Pinecone shipped full-text search into public preview, and the headline reads like the end of a long-running annoyance: a single index now holds text fields, dense vectors, sparse vectors, and filterable metadata, all defined together in a schema you set at index creation. BM25 scoring across multiple text fields, Lucene query syntax, multi-language tokenization — the keyword half of retrieval, native, in the same system that already does your embeddings. For anyone who has been running Pinecone next to an Elasticsearch or OpenSearch cluster and reconciling two ID spaces by hand, that is genuinely good news.

It is also where most integration write-ups stop, and where the interesting constraint begins. "One index for keyword and vectors" is true. "One query that ranks by both" is not — and the gap between those two sentences is exactly the part you have to design around.

One request, one score#

A Pinecone search request scores results by a single score_by directive. Point it at a query_string and you get Lucene-syntax keyword search with BM25 ranking across your text fields. Point it at a vector and you get dense semantic ranking. What you cannot do is hand one request a query and ask it to produce a single ordering that blends BM25 relevance and cosine similarity into one number. The ranking function is singular by design.

Pinecone gives you two honest ways to combine the signals anyway, and it's worth being precise about what each one actually is, because they are not the "hybrid search" people usually picture.

Why the fusion can't stay on the server#

You might expect Pinecone's single-index sparse+dense support to solve this for free — after all, it stores a sparse vector and a dense vector per record and can query them together in one request. But BM25 and sparse-lexical scores are not normalized to the dense vector's scale. Mix the raw numbers and the components fight on different axes; in practice the sparse/lexical side dominates the combined score unless you hand-tune weights that have no principled value. This is the oldest trap in hybrid retrieval, and putting both vectors in one index doesn't disarm it.

The standard answer is Reciprocal Rank Fusion, which sidesteps normalization entirely by throwing away the scores and combining rank positions — a document's contribution is 1 / (k + rank) in each list, summed. No score is compared to any other score, so BM25's units and cosine's units never have to be reconciled. It's robust, it's boring, and it's the right default. It is also, for the true-hybrid case, something you run after Pinecone returns — over two result sets, in your application code.

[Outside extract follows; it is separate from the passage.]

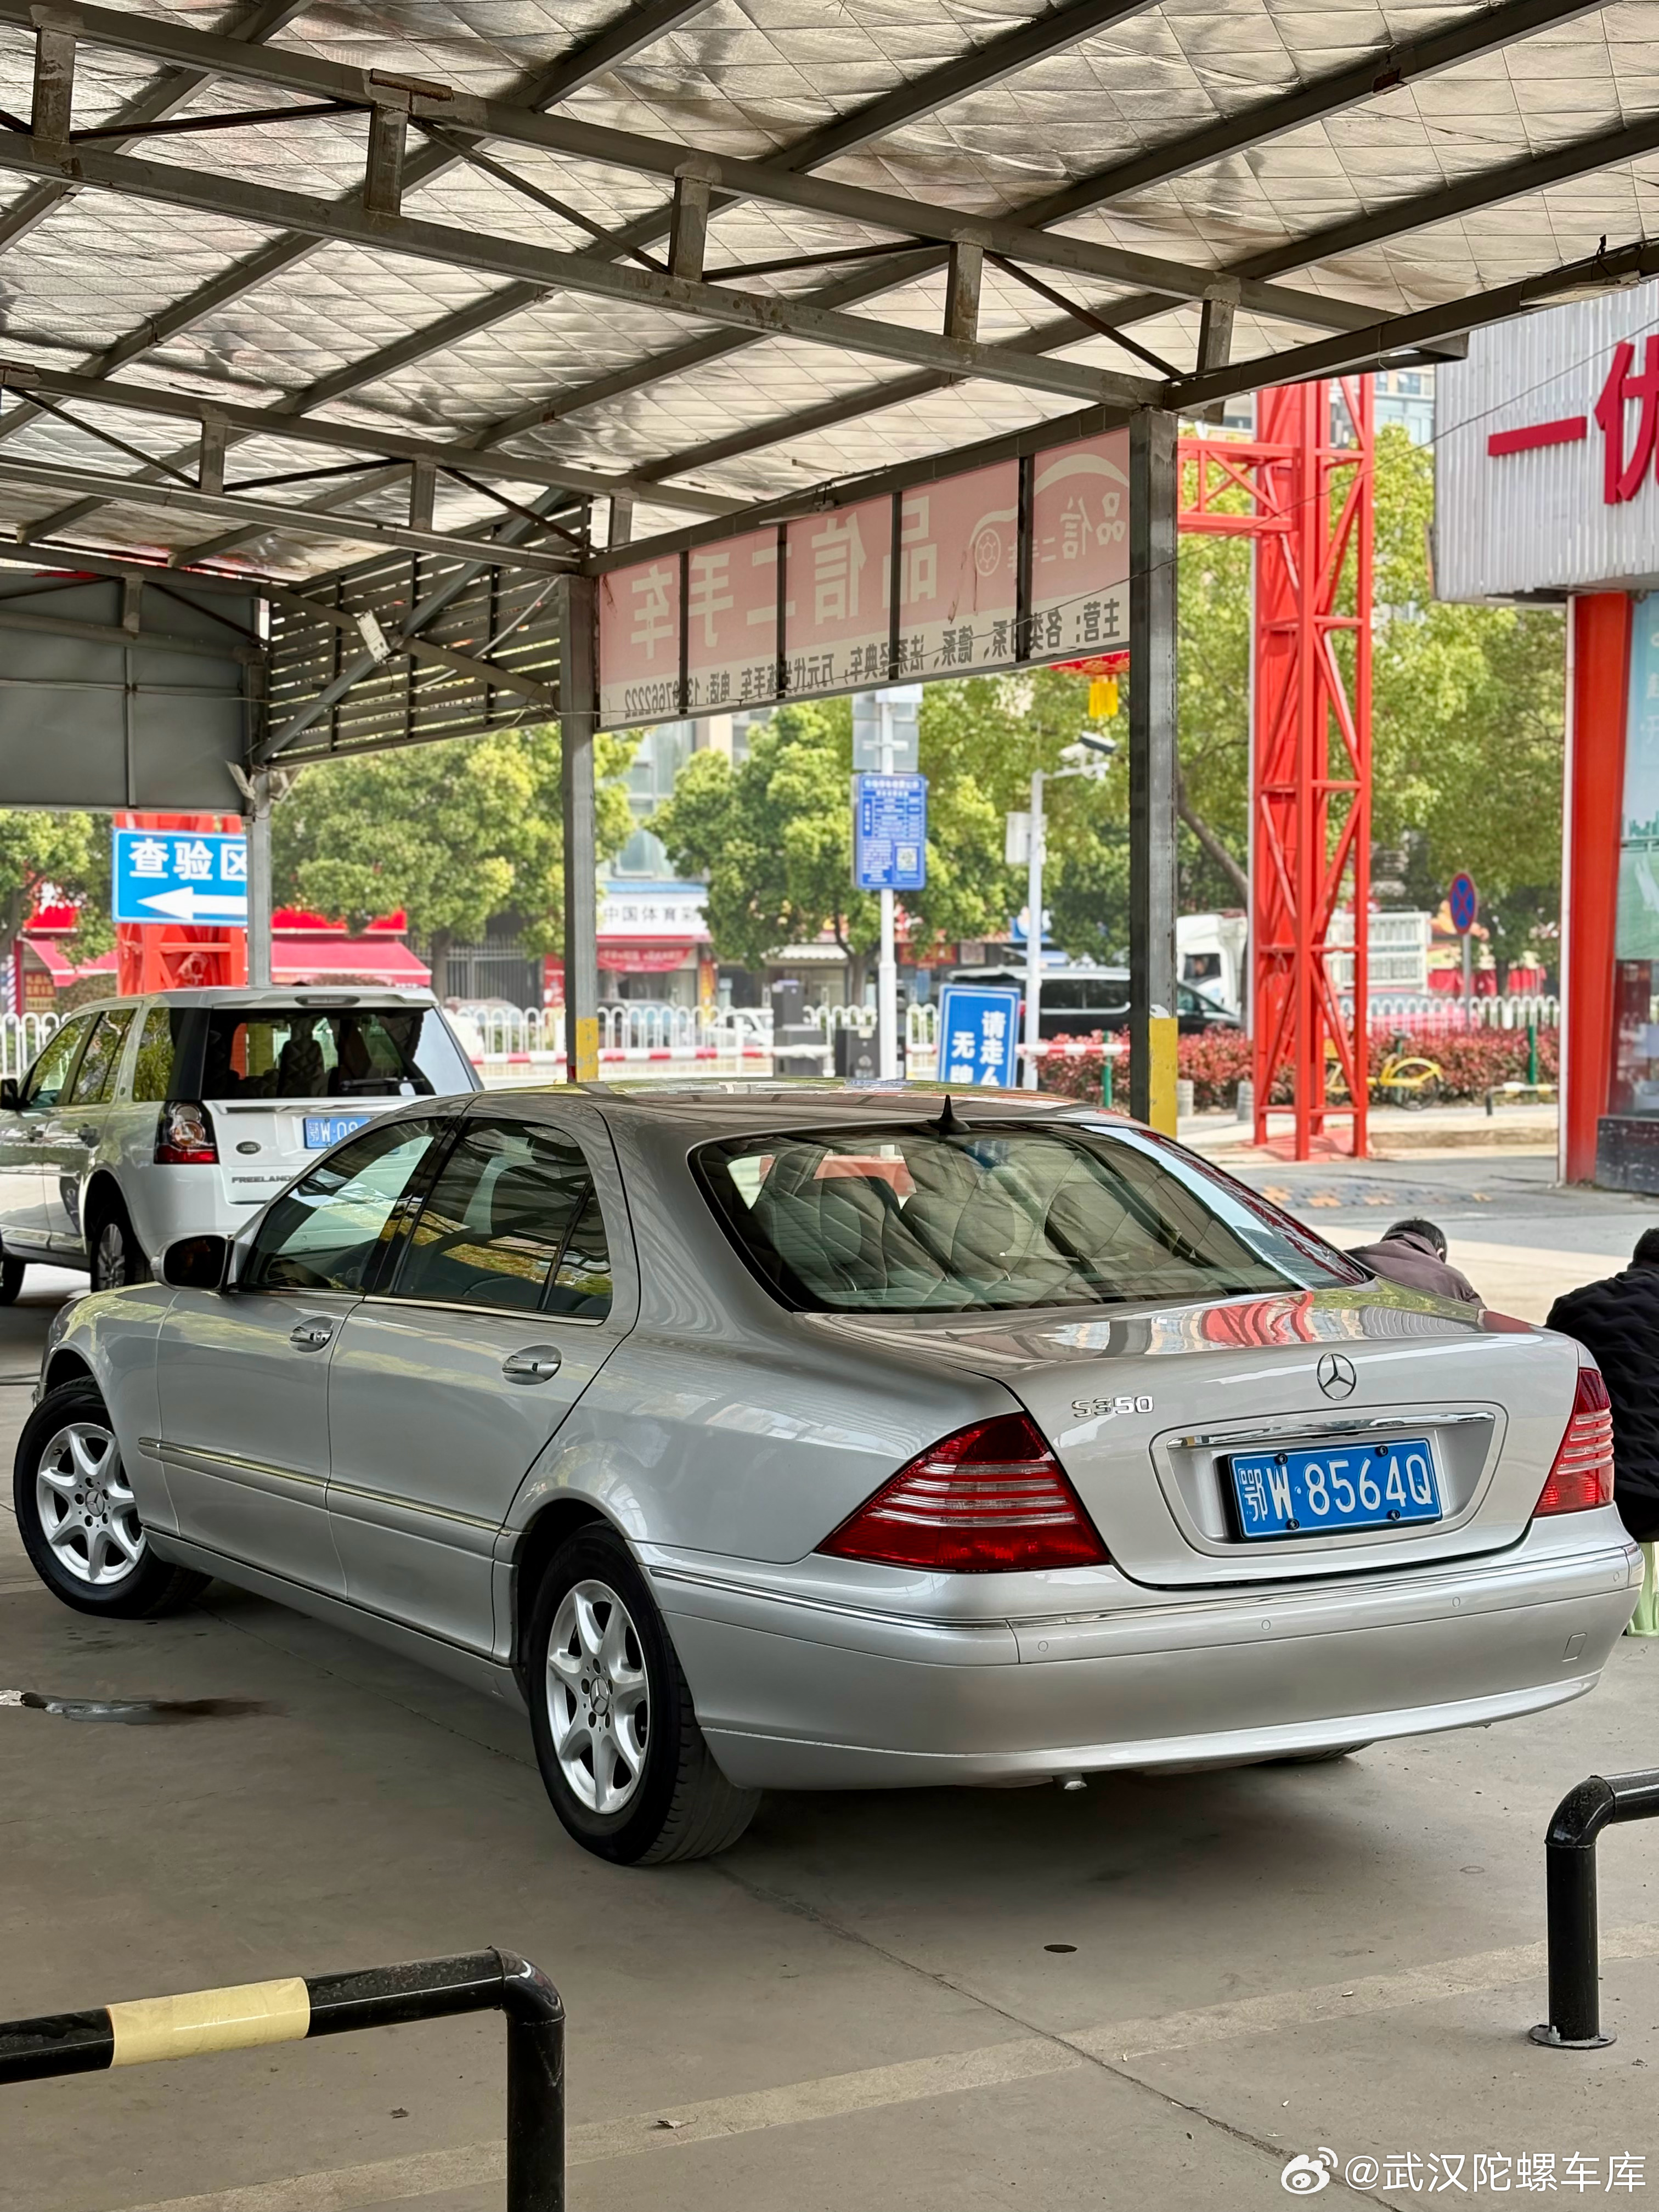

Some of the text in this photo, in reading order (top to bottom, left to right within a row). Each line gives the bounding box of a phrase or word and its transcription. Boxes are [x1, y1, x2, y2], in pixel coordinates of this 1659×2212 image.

[128, 838, 247, 881] 查验区
[1071, 1396, 1154, 1418] S350
[1238, 1454, 1433, 1522] 鄂W·8564Q

The single index consolidated your storage. It did not consolidate your ranking. Fusion is still a thing you own, and pretending otherwise is how "hybrid search" quietly becomes "vector search with a keyword prefilter."

What actually changed, and what to build#

Don't undersell the win: collapsing keyword, dense, sparse, and metadata into one schema-defined index removes a whole class of operational pain — no second cluster, no cross-system ID reconciliation, no separate tokenizer to keep in sync with your corpus. For a large fraction of real workloads, the lexical-as-filter pattern is not a consolation prize; it's the correct architecture. "Find me the semantically relevant passages that mention CVE-2026-55255" is a filtered vector search, and now it's one call.

But if your retrieval quality genuinely depends on a keyword-strong document and a semantically-strong document competing for the top slot, budget for the fusion layer. Fire the two searches concurrently, RRF the results, and — because you're now doing rank fusion anyway — consider a reranker as the final stage rather than trusting the fused order raw. The feature that looked like "Elasticsearch and vectors in one API call" is really "your two retrievers now live in one house." Introducing them to each other is still your job.